Govind Ballabh Pant Sagar artificial reservoir is a crucial resource for more than a million people. However, years from coal-burning power plants, mines and heavy industries throw their toxic wastes into the waters. Central government knows it, but no official investigation has ever been conducted.

New Delhi (AsiaNews/Agencies) - In the mud huts of Jogaeal (central India), one by one, children began to die, often in agony and exhibiting similar symptoms: convulsions, burning pain in the extremities, nausea, vomiting, fever and diarrhea. By the end of 2011, parents buried 53 of them in this forested hill country village occupied mostly by subsistence farmers and day laborers. That scenario played out in three other villages in and around the contiguous coal-mining districts of Singrauli and Sonbhadra about 965 kilometers southeast of New Delhi. At least a dozen more kids with similar symptoms succumbed, along with several adults.

Concern at the deaths sparked an investigation by the chief medical officers of the Sonbhadra district regional government. The results revealed that most of the victims has been caused by consuming water polluted with mercury.

How mercury and other pollutants got here is no mystery. What these victims shared was proximity to the sprawling Govind Ballabh Pant Sagar reservoir and the rivers that feed it. Flanked by mines, coal-burning power plants and heavy industry, these waters collect toxic effluent from plant discharges and absorb mercury that's a residue from burning coal.

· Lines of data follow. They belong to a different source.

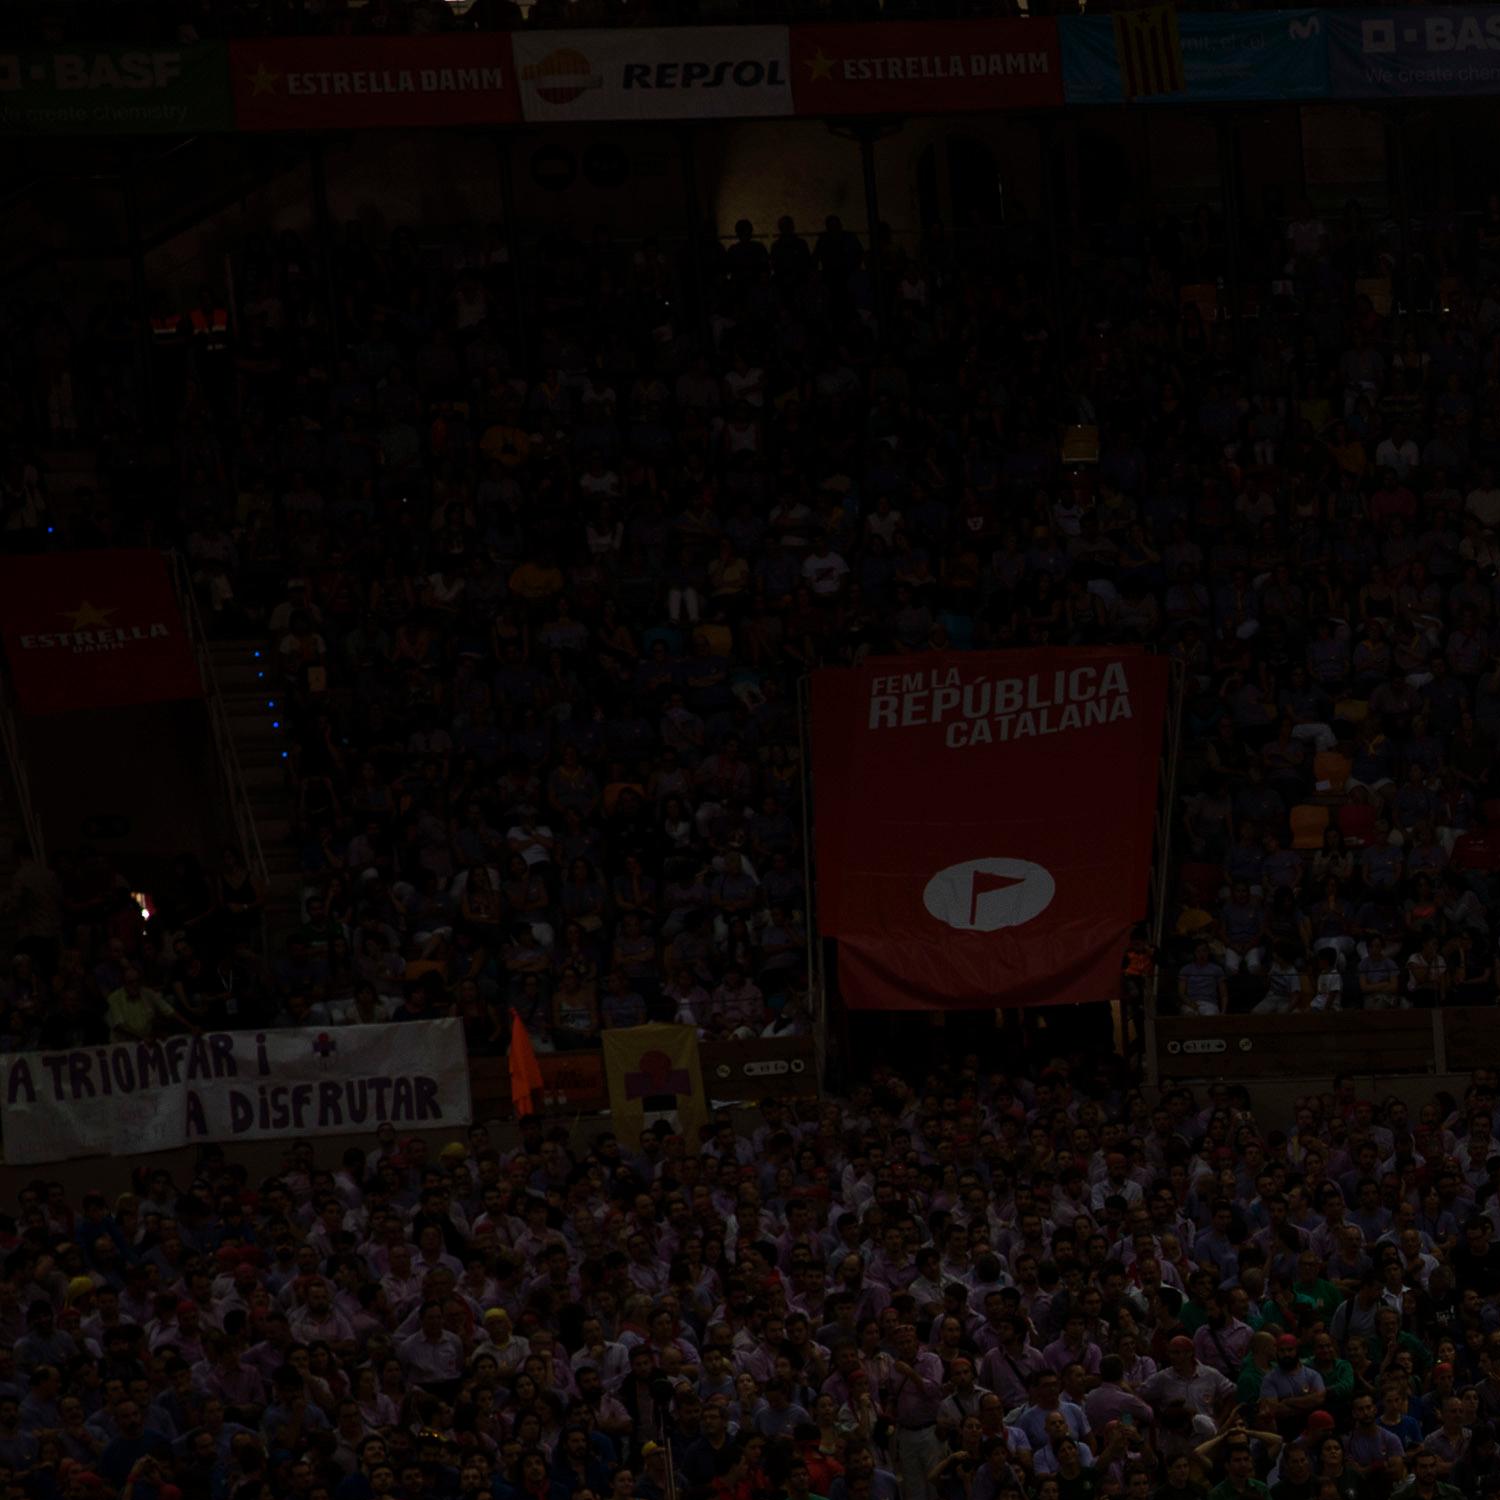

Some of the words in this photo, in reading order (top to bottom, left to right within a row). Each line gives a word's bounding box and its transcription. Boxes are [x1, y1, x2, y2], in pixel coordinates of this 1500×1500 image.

[53, 51, 182, 90] BASF
[622, 60, 786, 89] REPSOL
[843, 54, 966, 79] ESTRELLA
[970, 51, 1049, 76] DAMM
[1366, 67, 1393, 82] We
[1397, 66, 1453, 82] create
[286, 70, 416, 95] ESTRELLA
[421, 67, 505, 92] DAMM
[19, 622, 170, 649] ESTRELLA
[868, 661, 1130, 730] REPÚBLICA
[871, 672, 924, 696] FEM
[931, 667, 961, 688] LA
[945, 694, 1133, 748] CATALANA
[8, 1057, 37, 1103] A
[186, 1091, 208, 1137] A

Govind Ballabh makes possible the industrial ambitions of a region that annually provides about 5 percent of India's total power capacity.

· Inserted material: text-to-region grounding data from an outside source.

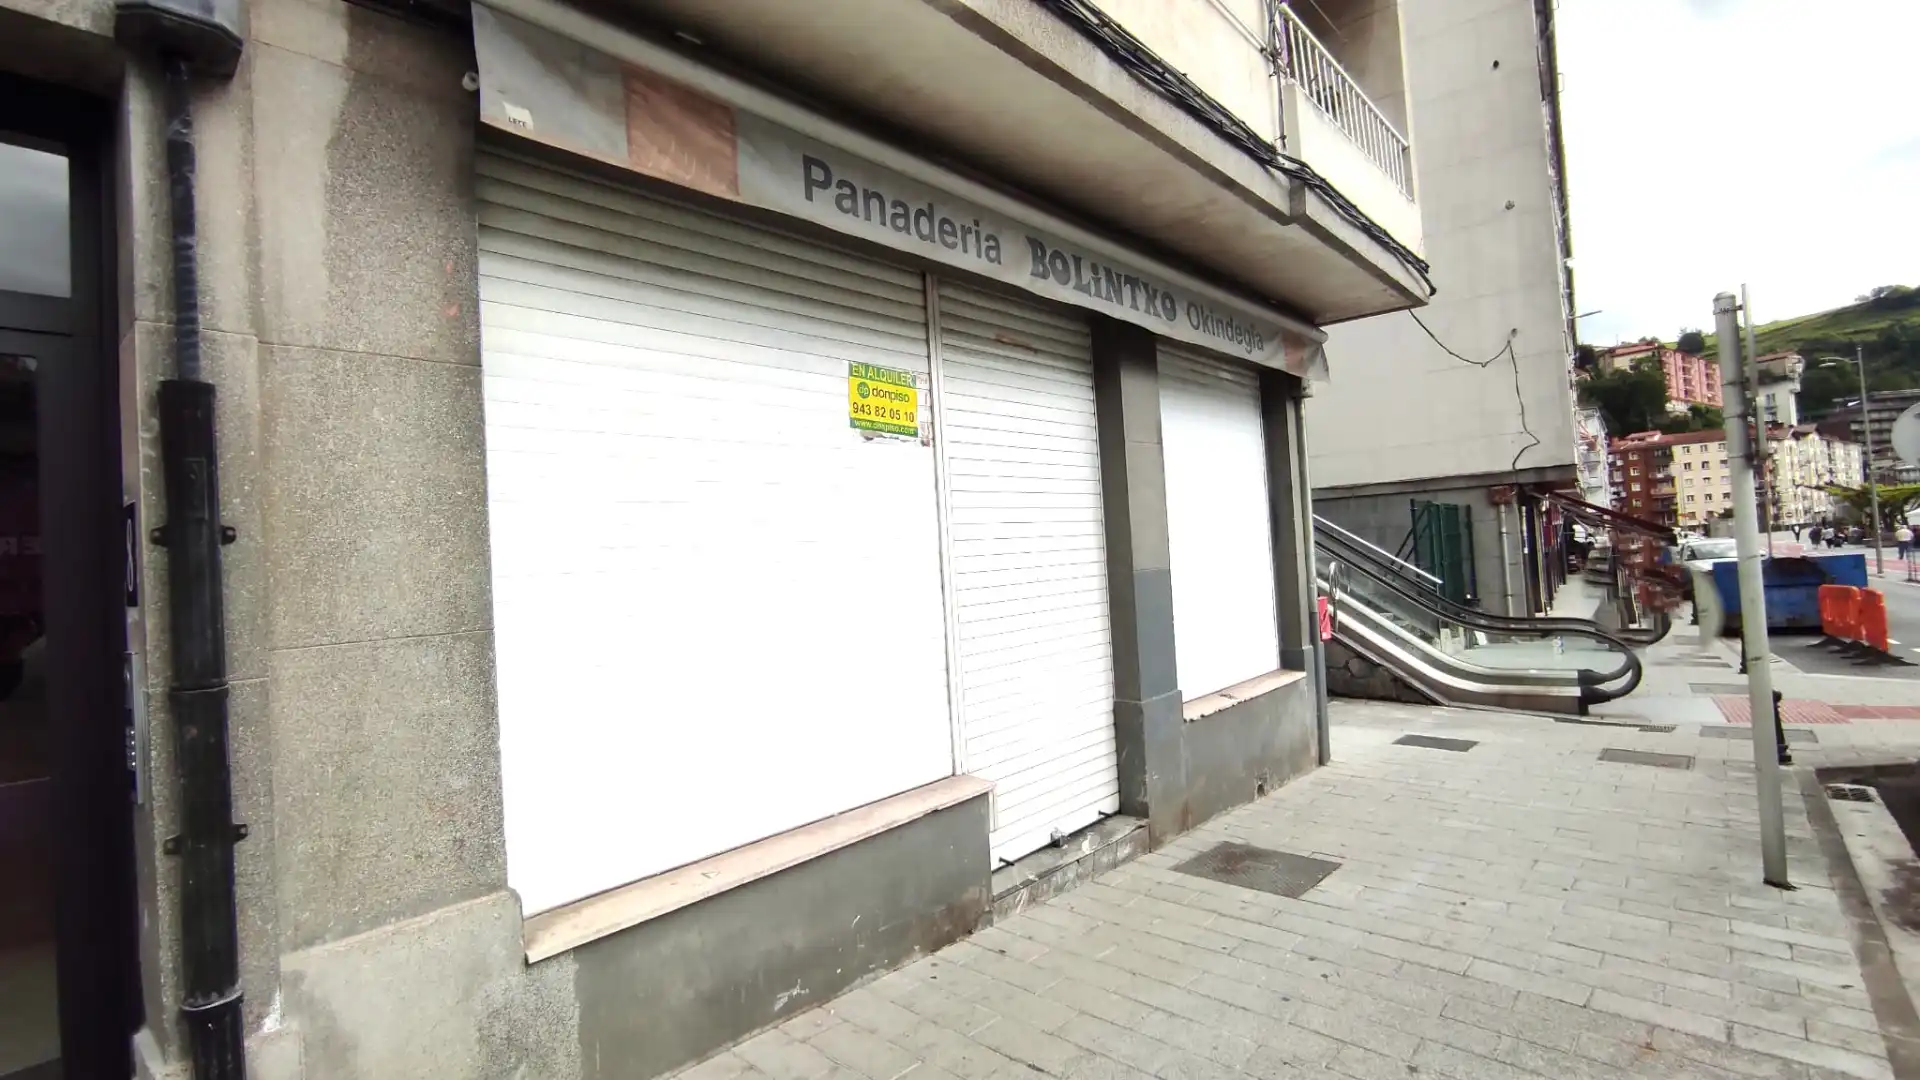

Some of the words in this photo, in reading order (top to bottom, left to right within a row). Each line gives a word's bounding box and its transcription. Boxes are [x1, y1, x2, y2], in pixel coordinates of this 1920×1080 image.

[802, 154, 1002, 265] Panaderia
[1187, 301, 1264, 354] Okindegia
[853, 363, 865, 377] EN
[868, 367, 915, 387] ALQUILER
[871, 386, 910, 403] donpiso
[853, 402, 871, 415] 943
[875, 406, 886, 418] 82
[890, 408, 900, 420] 05
[904, 412, 914, 422] 10

In 2010 a report of the National Green Tribunal ranked these waters among the most polluted in the nation. However, they serve as the region's chief source of drinking water and fish.

An October 2012 study by the New Delhi-based Centre for Science and Enviroment found mercury levels in some village drinking water samples to be 26 times higher than the Bureau of Indian Standard's safe limit for human consumption. Fish taken from a lake near villages where residents routinely catch and eat them showed mercury levels twice what the Indian government deems safe, according to that report.

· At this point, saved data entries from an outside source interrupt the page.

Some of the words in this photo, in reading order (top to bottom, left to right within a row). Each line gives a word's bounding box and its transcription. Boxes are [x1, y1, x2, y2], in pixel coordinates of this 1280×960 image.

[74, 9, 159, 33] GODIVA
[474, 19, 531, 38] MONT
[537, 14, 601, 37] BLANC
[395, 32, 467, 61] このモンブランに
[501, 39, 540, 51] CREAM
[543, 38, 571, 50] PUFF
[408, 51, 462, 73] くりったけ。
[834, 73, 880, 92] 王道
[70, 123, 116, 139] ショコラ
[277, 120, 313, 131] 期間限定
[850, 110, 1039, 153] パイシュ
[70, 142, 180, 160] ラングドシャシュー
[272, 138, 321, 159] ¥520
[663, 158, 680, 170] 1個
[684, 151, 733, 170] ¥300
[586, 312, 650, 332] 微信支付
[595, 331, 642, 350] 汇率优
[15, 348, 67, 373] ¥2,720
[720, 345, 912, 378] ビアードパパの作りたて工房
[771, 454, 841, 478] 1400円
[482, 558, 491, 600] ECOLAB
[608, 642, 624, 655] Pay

The Indian government has long been aware of this. A study conducted in 1990s by the state-run Indian Institute of Toxicology Research found dangerous levels of mercury in blood, hair and nails of people in the Singrauli region.

At the moment, no one knows the full extent of pollution-related illnesses and deaths in these villages because no government agency has conducted the kind of exhaustive study required to get to the bottom of the matter. "The symptoms of mercury poisoning have already started showing in people in the area and it's time the authorities need to sit up and take notice," said to Bloomberg Ramakant Sahu, a Centre for Science and Environment scientist who helped to conduct extensive testing for toxic chemicals.

According to the association, in the area live 1,1 millions of people.